### About this task
Set every entry down again exactly, excluding any pictures.

### Materials provided
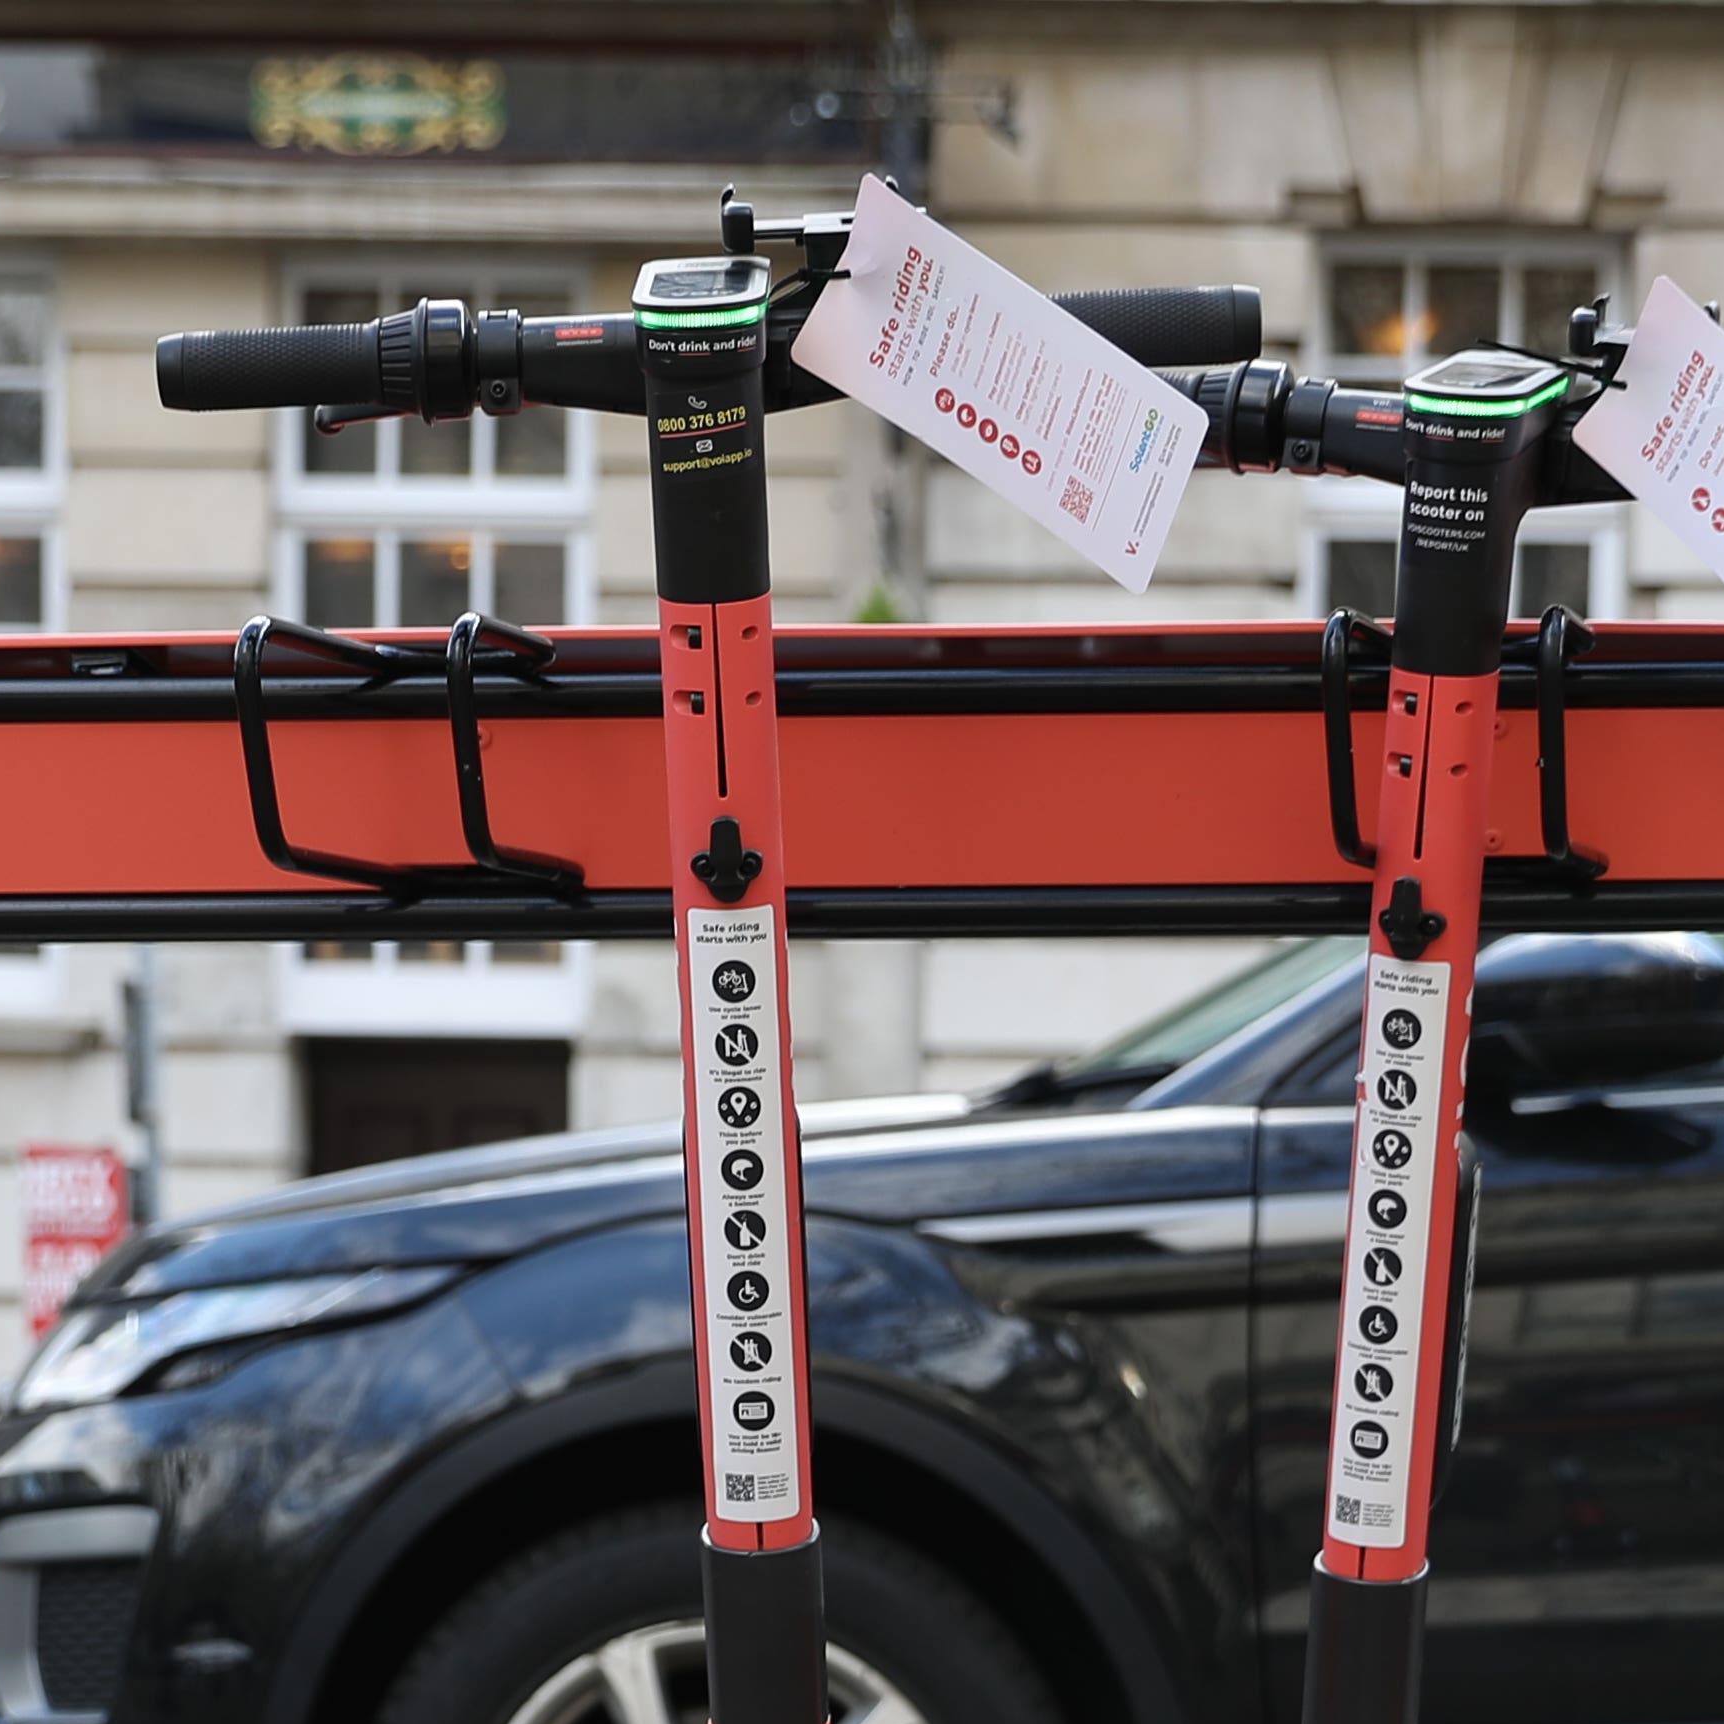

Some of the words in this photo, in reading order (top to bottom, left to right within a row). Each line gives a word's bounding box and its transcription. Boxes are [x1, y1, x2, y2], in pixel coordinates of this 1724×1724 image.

[869, 318, 899, 368] Safe
[892, 246, 922, 313] riding
[887, 331, 913, 379] starts
[906, 294, 924, 330] with
[917, 259, 934, 295] you.
[649, 338, 675, 351] Don't
[678, 339, 710, 351] drink
[713, 340, 734, 350] and
[737, 336, 757, 348] ride!
[912, 350, 921, 361] TO
[918, 325, 929, 346] RIDE
[929, 332, 951, 378] Please
[1641, 415, 1673, 462] Safe
[1670, 350, 1705, 413] riding
[657, 415, 686, 432] 0800
[689, 412, 714, 430] 376
[718, 406, 746, 425] 8179
[1129, 408, 1159, 474] SolentGO
[1426, 424, 1454, 437] drink
[1457, 429, 1479, 439] and
[1482, 428, 1506, 439] ride!
[1655, 430, 1684, 474] starts
[1679, 397, 1699, 430] with
[1698, 450, 1713, 470] Do
[1410, 481, 1455, 501] Report
[1460, 487, 1488, 503] this
[1410, 502, 1461, 520] scooter
[1465, 509, 1484, 521] on
[696, 935, 723, 944] starts
[726, 934, 747, 944] with
[750, 933, 766, 943] you
[703, 923, 725, 933] Safe
[728, 922, 759, 935] riding
[1374, 981, 1396, 992] starts
[1398, 985, 1419, 994] with
[1421, 988, 1439, 997] you
[1380, 970, 1400, 981] Safe
[1402, 974, 1432, 986] riding
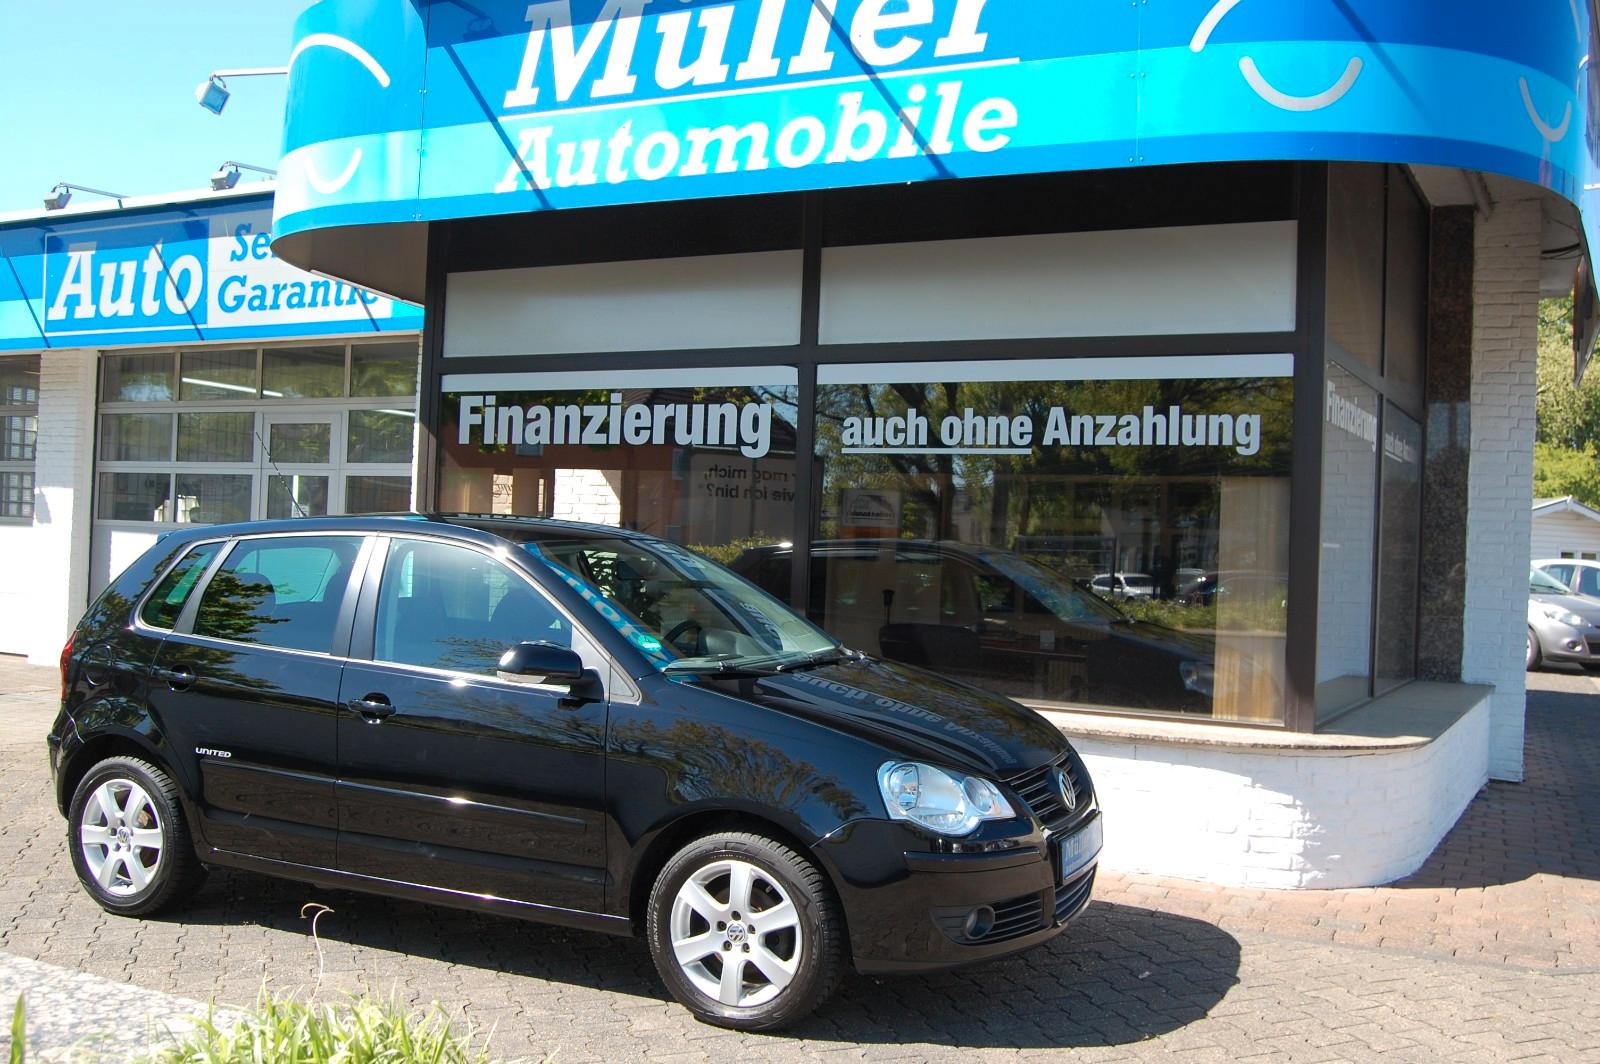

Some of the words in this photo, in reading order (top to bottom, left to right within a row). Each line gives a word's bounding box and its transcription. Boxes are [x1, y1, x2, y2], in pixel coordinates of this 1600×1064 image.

[502, 0, 991, 109] Müller
[494, 81, 1019, 193] Automobile
[47, 237, 204, 321] Auto
[458, 392, 772, 458] Finanzierung
[842, 408, 928, 446] auch
[940, 408, 1033, 446] ohne
[1043, 405, 1261, 456] Anzahlung
[195, 747, 232, 758] UNITED

### Answer to this exercise
Some of the words in this photo, in reading order (top to bottom, left to right within a row). Each line gives a word's bounding box and its transcription. Boxes are [x1, y1, x2, y2], in pixel coordinates of this 1724×1724 image.

[869, 318, 899, 368] Safe
[892, 246, 922, 313] riding
[887, 331, 913, 379] starts
[906, 294, 924, 330] with
[917, 259, 934, 295] you.
[649, 338, 675, 351] Don't
[678, 339, 710, 351] drink
[713, 340, 734, 350] and
[737, 336, 757, 348] ride!
[912, 350, 921, 361] TO
[918, 325, 929, 346] RIDE
[929, 332, 951, 378] Please
[1641, 415, 1673, 462] Safe
[1670, 350, 1705, 413] riding
[657, 415, 686, 432] 0800
[689, 412, 714, 430] 376
[718, 406, 746, 425] 8179
[1129, 408, 1159, 474] SolentGO
[1426, 424, 1454, 437] drink
[1457, 429, 1479, 439] and
[1482, 428, 1506, 439] ride!
[1655, 430, 1684, 474] starts
[1679, 397, 1699, 430] with
[1698, 450, 1713, 470] Do
[1410, 481, 1455, 501] Report
[1460, 487, 1488, 503] this
[1410, 502, 1461, 520] scooter
[1465, 509, 1484, 521] on
[696, 935, 723, 944] starts
[726, 934, 747, 944] with
[750, 933, 766, 943] you
[703, 923, 725, 933] Safe
[728, 922, 759, 935] riding
[1374, 981, 1396, 992] starts
[1398, 985, 1419, 994] with
[1421, 988, 1439, 997] you
[1380, 970, 1400, 981] Safe
[1402, 974, 1432, 986] riding

Some of the words in this photo, in reading order (top to bottom, left to right within a row). Each line gives a word's bounding box and its transcription. Boxes are [x1, y1, x2, y2], in pixel coordinates of this 1600×1064 image.

[502, 0, 991, 109] Müller
[494, 81, 1019, 193] Automobile
[47, 237, 204, 321] Auto
[458, 392, 772, 458] Finanzierung
[842, 408, 928, 446] auch
[940, 408, 1033, 446] ohne
[1043, 405, 1261, 456] Anzahlung
[195, 747, 232, 758] UNITED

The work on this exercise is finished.